En juin 1944, Royo est à la tête de la 3ème brigade de l'Ariège, qui comprend nombre de républicains espagnols. Le 8 août, une mission alliée vient renforcer les maquis : elle comprend notamment le commandant Bigeard, qui plus tard, dans ses mémoires (1975), fera l'éloge de l'efficacité de la formation et de son chef. Lequel savait manifestement, pourtant, que les maquisards étaient en grande partie des communistes, aux antipodes de ses propres convictions. Sur cette situation, où les républicains espagnols libèrent une bonne partie de l'Ariège, se greffe la problématique du PCE et de la lutte en Espagne. La direction du parti s'est exilée en 1939 à Moscou ou au Mexique. Pendant la guerre et l'occupation, des membres restés sur place se sont imposés et n'ont pas perdu de vue la poursuite du combat contre Franco : fin octobre 1944, une incursion dans le val d'Aran tourne à la catastrophe. C'est alors que les dirigeants exilés, et notamment Santiago Carrillo, reviennent sur place pour restaurer la hiérarchie. Royo lui-même a participé aux incursions en Espagne. Capturé, il est emprisonné à la prison de Barcelone. Libéré, il est assassiné le 23 juillet 1945.

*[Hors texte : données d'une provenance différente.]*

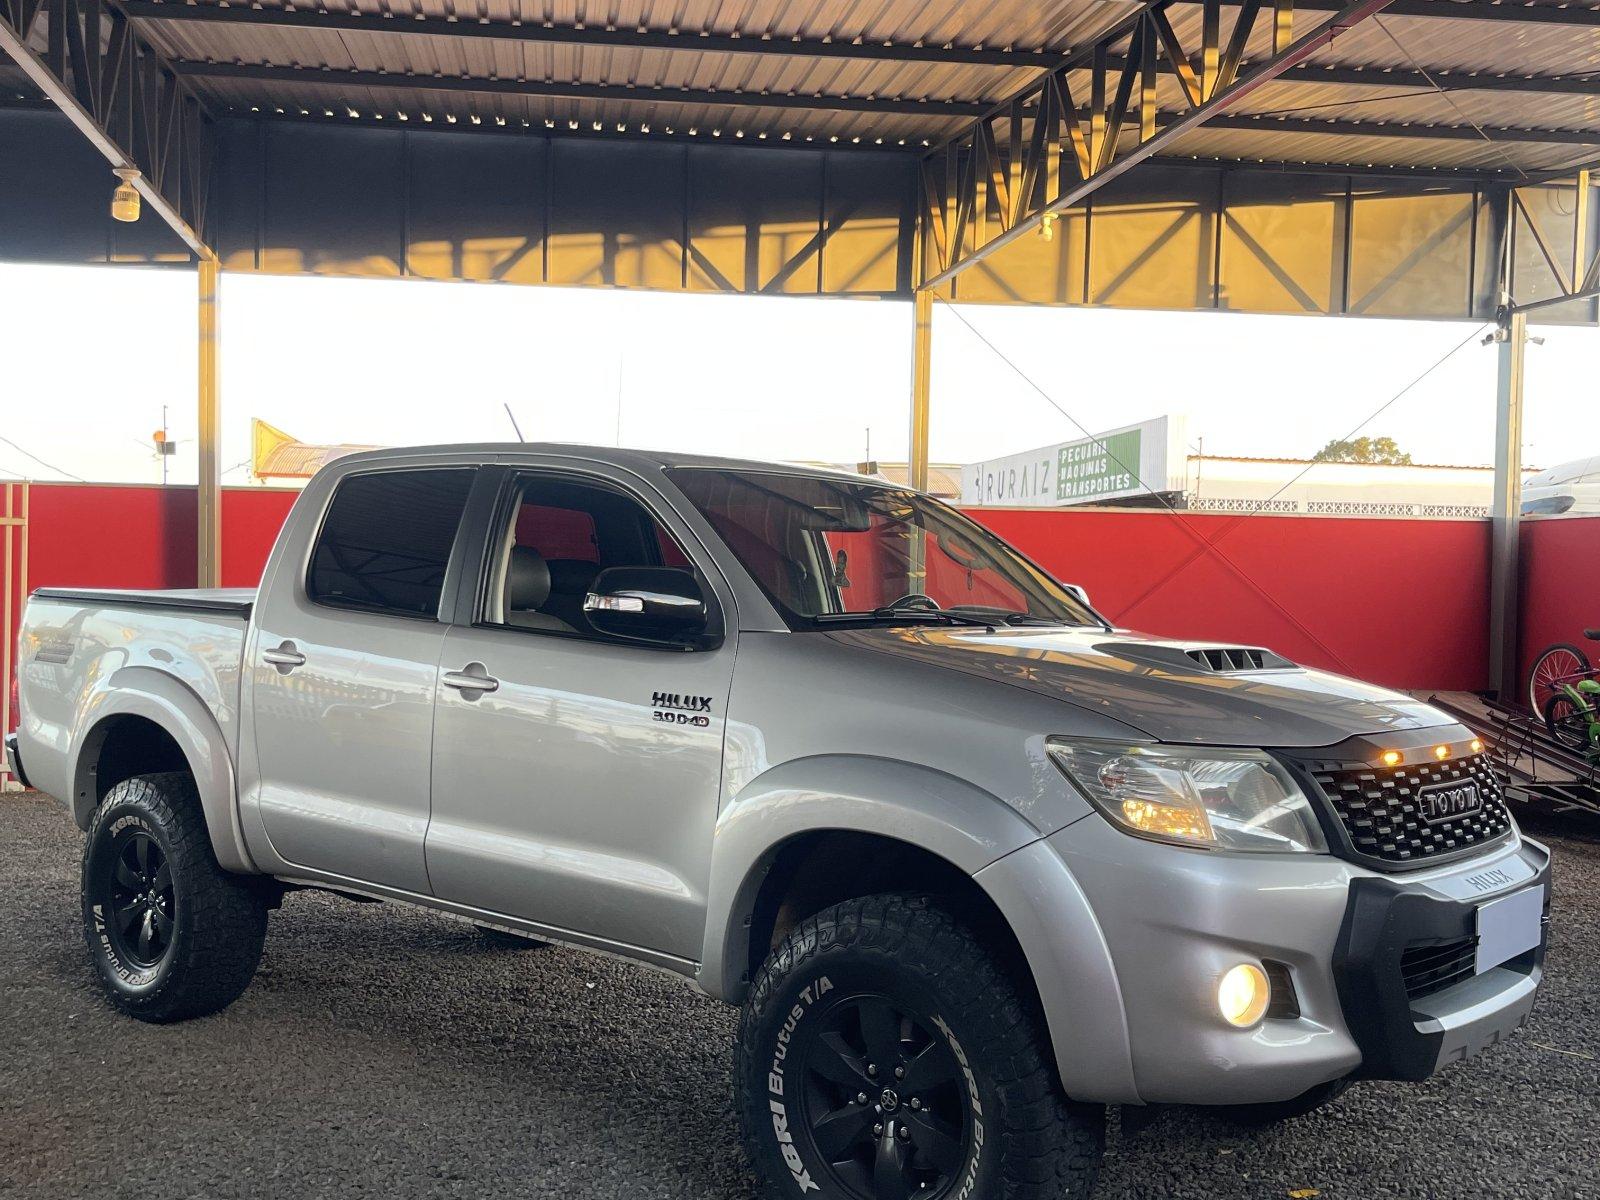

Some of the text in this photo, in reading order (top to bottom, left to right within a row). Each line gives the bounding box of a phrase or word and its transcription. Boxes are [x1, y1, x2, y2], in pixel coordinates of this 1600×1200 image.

Le PCE reconnaît l'exécution mais avance que Royo aurait dénoncé les siens après avoir été capturé, ou en tout cas s'apprêtait à collaborer avec les autorités franquistes. En outre il aurait dérobé une somme d'argent importante à la brigade. Manifestement, ce sont des justifications a posteriori qui masquent mal une purge interne au PCE, alors en pleine recomposition suite à la Libération et au retour de l'ancienne direction. Royo n'a d'ailleurs pas été le seul à être ainsi éliminé pendant la guérilla malheureuse en Espagne, qui dure plusieurs années. Il avait le tort d'être la figure de légende des maquis dans l'Ariège, d'avoir travaillé avec Bigeard, et, en outre, les républicains espagnols ont voulu préserver leur spécificité par rapport aux FTP, ce qui a entraîné des tensions. Un document du tribunal de Valence, qui contient des renseignements sur Royo au moment de sa capture, montre que celui-ci, au contraire, a su habilement dissimuler son identité et ses fonctions à ses geôliers.

Par la suite, après la fin du conflit, le PCF et le PCE ont chacun à leur façon instrumentalisé l'histoire de la Résistance, et particulièrement, pour ce dernier, dans l'Ariège. L'épisode Royo a été passé sous silence. Les mémoires de Bigeard ont dérangé, car elles montraient Royo comme le chef authentique de la 3ème brigade de l'Ariège, et qui n'avait rien d'un traître en puissance. Ces purges internes et autres règlements de compte, par les pertes qu'ils ont entraîné, privent d'ailleurs les historiens de nombre d'informations sur certains aspects ou moments de la Résistance dans quelques départements du sud de la France.

Ce petit ouvrage a évidemment un caractère engagé, les auteurs étant eux-mêmes les descendants de certains protagonistes. Ils s'opposent avec virulence à ceux qui considèrent Royo comme un Judas, un matamore ou un escroc (la fameuse anecdote de la valise bourrée d'argent...). La passion qui anime le récit le fait probablement sortir, parfois, du caractère proprement scientifique d'une telle étude. Mais comme le disent les auteurs en conclusion, on a probablement trop attendu pour écrire l'histoire des républicains espagnols de la Résistance, en France. Il s'agit maintenant, au-delà du mythe, de croiser les sources, de faire sauter les carcans, pour dresser un portrait un peu plus authentique de ce que fut la Résistance, avec ses zones de lumière comme avec ses zones d'ombre.